[Required work]
The data below has to be returned exactly, down to the last character.

*** Data provided ***

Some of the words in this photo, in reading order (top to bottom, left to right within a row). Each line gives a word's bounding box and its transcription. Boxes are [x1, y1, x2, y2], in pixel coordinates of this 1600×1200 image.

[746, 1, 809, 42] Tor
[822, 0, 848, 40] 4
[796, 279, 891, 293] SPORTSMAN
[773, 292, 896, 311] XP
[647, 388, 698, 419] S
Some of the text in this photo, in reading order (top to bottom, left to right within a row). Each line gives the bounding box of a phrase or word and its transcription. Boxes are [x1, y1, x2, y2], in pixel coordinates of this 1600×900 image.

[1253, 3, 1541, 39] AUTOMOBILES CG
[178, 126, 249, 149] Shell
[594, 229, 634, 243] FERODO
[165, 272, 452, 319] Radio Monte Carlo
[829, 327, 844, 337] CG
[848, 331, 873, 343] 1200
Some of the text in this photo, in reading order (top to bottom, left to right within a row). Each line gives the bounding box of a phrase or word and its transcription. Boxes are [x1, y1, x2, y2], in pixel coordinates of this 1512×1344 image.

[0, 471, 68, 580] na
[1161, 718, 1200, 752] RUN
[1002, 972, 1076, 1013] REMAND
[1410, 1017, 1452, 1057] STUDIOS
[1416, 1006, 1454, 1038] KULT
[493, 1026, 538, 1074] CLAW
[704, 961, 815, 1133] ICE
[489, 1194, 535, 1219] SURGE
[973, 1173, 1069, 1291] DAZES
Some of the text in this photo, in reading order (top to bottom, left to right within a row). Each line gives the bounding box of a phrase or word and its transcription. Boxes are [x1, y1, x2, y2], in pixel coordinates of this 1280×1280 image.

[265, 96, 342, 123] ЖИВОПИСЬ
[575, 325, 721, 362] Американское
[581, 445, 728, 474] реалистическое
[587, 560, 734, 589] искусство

*** End of Data provided ***

[Expected answer]
Some of the words in this photo, in reading order (top to bottom, left to right within a row). Each line gives a word's bounding box and its transcription. Boxes are [x1, y1, x2, y2], in pixel coordinates of this 1600×1200 image.

[746, 1, 809, 42] Tor
[822, 0, 848, 40] 4
[796, 279, 891, 293] SPORTSMAN
[773, 292, 896, 311] XP
[647, 388, 698, 419] S
Some of the text in this photo, in reading order (top to bottom, left to right within a row). Each line gives the bounding box of a phrase or word and its transcription. Boxes are [x1, y1, x2, y2], in pixel coordinates of this 1600×900 image.

[1253, 3, 1541, 39] AUTOMOBILES CG
[178, 126, 249, 149] Shell
[594, 229, 634, 243] FERODO
[165, 272, 452, 319] Radio Monte Carlo
[829, 327, 844, 337] CG
[848, 331, 873, 343] 1200
Some of the text in this photo, in reading order (top to bottom, left to right within a row). Each line gives the bounding box of a phrase or word and its transcription. Boxes are [x1, y1, x2, y2], in pixel coordinates of this 1512×1344 image.

[0, 471, 68, 580] na
[1161, 718, 1200, 752] RUN
[1002, 972, 1076, 1013] REMAND
[1410, 1017, 1452, 1057] STUDIOS
[1416, 1006, 1454, 1038] KULT
[493, 1026, 538, 1074] CLAW
[704, 961, 815, 1133] ICE
[489, 1194, 535, 1219] SURGE
[973, 1173, 1069, 1291] DAZES
Some of the text in this photo, in reading order (top to bottom, left to right within a row). Each line gives the bounding box of a phrase or word and its transcription. Boxes are [x1, y1, x2, y2], in pixel coordinates of this 1280×1280 image.

[265, 96, 342, 123] ЖИВОПИСЬ
[575, 325, 721, 362] Американское
[581, 445, 728, 474] реалистическое
[587, 560, 734, 589] искусство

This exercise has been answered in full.